─── DATA ───

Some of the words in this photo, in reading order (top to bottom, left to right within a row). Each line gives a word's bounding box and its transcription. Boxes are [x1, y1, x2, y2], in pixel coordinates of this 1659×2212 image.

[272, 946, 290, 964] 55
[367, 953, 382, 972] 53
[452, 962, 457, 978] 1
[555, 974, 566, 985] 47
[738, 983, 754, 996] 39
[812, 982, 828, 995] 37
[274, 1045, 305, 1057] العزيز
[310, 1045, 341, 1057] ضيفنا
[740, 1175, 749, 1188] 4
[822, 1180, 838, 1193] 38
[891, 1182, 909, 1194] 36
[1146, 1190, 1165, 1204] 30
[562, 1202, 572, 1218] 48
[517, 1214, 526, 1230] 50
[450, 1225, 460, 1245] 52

───

Write the whole listing out again exactly.

ANSWER TO THIS TASK:
Some of the words in this photo, in reading order (top to bottom, left to right within a row). Each line gives a word's bounding box and its transcription. Boxes are [x1, y1, x2, y2], in pixel coordinates of this 1659×2212 image.

[272, 946, 290, 964] 55
[367, 953, 382, 972] 53
[452, 962, 457, 978] 1
[555, 974, 566, 985] 47
[738, 983, 754, 996] 39
[812, 982, 828, 995] 37
[274, 1045, 305, 1057] العزيز
[310, 1045, 341, 1057] ضيفنا
[740, 1175, 749, 1188] 4
[822, 1180, 838, 1193] 38
[891, 1182, 909, 1194] 36
[1146, 1190, 1165, 1204] 30
[562, 1202, 572, 1218] 48
[517, 1214, 526, 1230] 50
[450, 1225, 460, 1245] 52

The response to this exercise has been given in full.